08.03.2017 - 17:35 von Klaus Steffan


1. Du bist als 18-Jähriger 2010 schon einmal Deutscher Meister geworden. Wie kam es dazu?
Es kam vieles zusammen, aber ich denke mein Kampfgeist hat den Unterschied gemacht. Ich lehnte in dem Turnier sechsmal Remis ab und gewann viele Partien danach noch, unter anderem auch die entscheidende in der letzten Runde mit Schwarz gegen Tobias Hirneise. Er hatte mir nach der Eröffnung Remis angeboten und mit dem Remis wäre ich sicherer 2. gewesen und hätte eine GM-Norm gehabt. Aber ich wollte es einfach wissen, lehnte ab, gewann und zog an Igor Khenkin vorbei und wurde Deutscher Meister

2. Danach bist Du 2012 quasi von der Bildfläche in Schach-Deutschland verschwunden. Schildere bitte kurz das Leben eines schachspielenden Studenten in den USA. Welche Kurse hast Du belegt? Welchen Abschluss hast Du jetzt? Welche schachlichen Erfolge resultieren aus dieser Zeit?
Genau, von 2012 bis 2016 habe ich an einer amerikanischen Universität in Baltimore Psychologie studiert. Ich habe interessante Einblicke in verschiedene Bereiche der Psychologie bekommen und es war insgesamt ein spannender Studiengang. Leider blieb nicht viel Zeit für Schach und so konnte ich nur ca. 3-4 Turniere im Jahr spielen. Schachliche Erfolge waren ein geteilter 1. Platz bei dem National Chess Congress in Philadelphia, ein Sieg beim Golden State Open in San Francisco und ein Sieg bei einem GM-Turnier in Charlotte. Auch das Millionaire Chess Open lief ziemlich gut für mich, da bin ich knapp in den Playoffs an der Qualifikation für den Millionaire Monday in der Kategorie unter Elo 2550 gescheitert.

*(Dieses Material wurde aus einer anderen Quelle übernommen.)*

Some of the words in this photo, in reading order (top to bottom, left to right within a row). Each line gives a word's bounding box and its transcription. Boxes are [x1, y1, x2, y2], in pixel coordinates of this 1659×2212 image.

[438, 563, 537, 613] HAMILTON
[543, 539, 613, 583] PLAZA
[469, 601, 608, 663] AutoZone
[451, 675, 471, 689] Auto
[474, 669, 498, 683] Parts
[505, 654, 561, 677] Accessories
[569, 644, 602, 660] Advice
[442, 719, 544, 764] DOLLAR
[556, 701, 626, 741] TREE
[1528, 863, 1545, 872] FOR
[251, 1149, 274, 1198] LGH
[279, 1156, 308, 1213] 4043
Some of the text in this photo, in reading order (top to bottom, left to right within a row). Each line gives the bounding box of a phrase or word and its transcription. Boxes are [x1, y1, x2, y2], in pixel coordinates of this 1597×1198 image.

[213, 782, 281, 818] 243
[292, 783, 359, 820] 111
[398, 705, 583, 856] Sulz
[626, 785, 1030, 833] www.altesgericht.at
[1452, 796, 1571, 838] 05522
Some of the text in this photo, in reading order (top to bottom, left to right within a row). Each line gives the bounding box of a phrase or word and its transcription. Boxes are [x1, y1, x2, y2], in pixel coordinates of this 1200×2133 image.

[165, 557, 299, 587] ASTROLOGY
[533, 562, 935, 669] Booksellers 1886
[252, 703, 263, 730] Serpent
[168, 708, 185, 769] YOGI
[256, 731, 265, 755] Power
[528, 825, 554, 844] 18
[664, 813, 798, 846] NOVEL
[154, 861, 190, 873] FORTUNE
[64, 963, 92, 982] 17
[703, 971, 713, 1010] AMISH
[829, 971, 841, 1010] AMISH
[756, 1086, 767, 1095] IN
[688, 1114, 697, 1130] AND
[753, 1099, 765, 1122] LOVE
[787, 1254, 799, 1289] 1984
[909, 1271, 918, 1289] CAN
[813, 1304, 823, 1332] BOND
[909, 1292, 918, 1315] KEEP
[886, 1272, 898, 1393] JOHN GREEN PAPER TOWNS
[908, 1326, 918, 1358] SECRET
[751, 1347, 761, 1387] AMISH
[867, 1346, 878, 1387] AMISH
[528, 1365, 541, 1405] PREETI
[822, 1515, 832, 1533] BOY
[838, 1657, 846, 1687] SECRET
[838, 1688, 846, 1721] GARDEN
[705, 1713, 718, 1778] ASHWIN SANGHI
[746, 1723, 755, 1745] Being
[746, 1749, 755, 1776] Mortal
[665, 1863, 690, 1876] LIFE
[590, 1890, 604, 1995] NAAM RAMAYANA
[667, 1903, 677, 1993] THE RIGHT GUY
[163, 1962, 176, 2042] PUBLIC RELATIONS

3. Was machst Du jetzt? (beruflich , schachlich)
Ich studiere an der Freien Universität Berlin Wirtschaftspsychologie im Masterstudiengang. Nebenbei spiele ich so weit es das Studium zulässt Turniere und kümmere mich um meinen YouTube-Kanal.

4. 2900 Performance in Hamburg, der geteilte erste Platz jüngst beim Pfalz-Open, die ELO nahe 2600, welche Ziele hast Du speziell für die DEM in Apolda und mittelfristig bis 2020?[/I]
Es läuft ziemlich gut zuletzt, ich konnte meinen letzten vier Turniere mit einem entweder alleinigen oder geteilten ersten Platz abschließen. Und das macht natürlich Hunger auf mehr! Ich habe mir jetzt ein Ziel gesetzt: Bis zum 1. März 2018 möchte ich unter die Top 100 kommen. Bis 2020 habe ich noch nicht gedacht, erst einmal dieses Ziel erreichen, das wird schon schwer genug. Die DEM möchte ich gewinnen, ich komme nicht um Zweiter zu werden :)

5. Du spielst am 21. Juni in Apolda ein Simultan als Auftaktveranstaltung zur DEM. Einer deiner Vorgänger , Martin Krämer, erzielte 2010 an gleicher Stelle 100%. Welchen Tipp kannst Du deinen Gegnern vorab auf den Weg geben? Erleben wir den kreativen Niclas auf der Suche nach dem schönsten Zug oder den ergebnisorientierten Niclas, der die Punkte sauber einsammelt?
Ein Tipp an meine Gegner: Überrascht mich in der Eröffnung, dann habt ihr die beste Chance. Bereitet vielleicht spezifisch eine Nebenvariante vor und mit ein wenig Glück, kommt die dann aufs Brett und ihr bringt mich ins Schwitzen. Bei Simultans ist das immer eine Mischung bei mir: Ich möchte effektiv spielen und schnell Partien gewinnen, damit es nicht zu lange dauert und zu erschöpfend wird. Aber wenn sich die Gelegenheit ergibt, spiel ich auch gerne mal schön. Im Endeffekt geht aber das Ergebnis immer vor, da bin ich ehrgeizig, auch bei einem Simultan.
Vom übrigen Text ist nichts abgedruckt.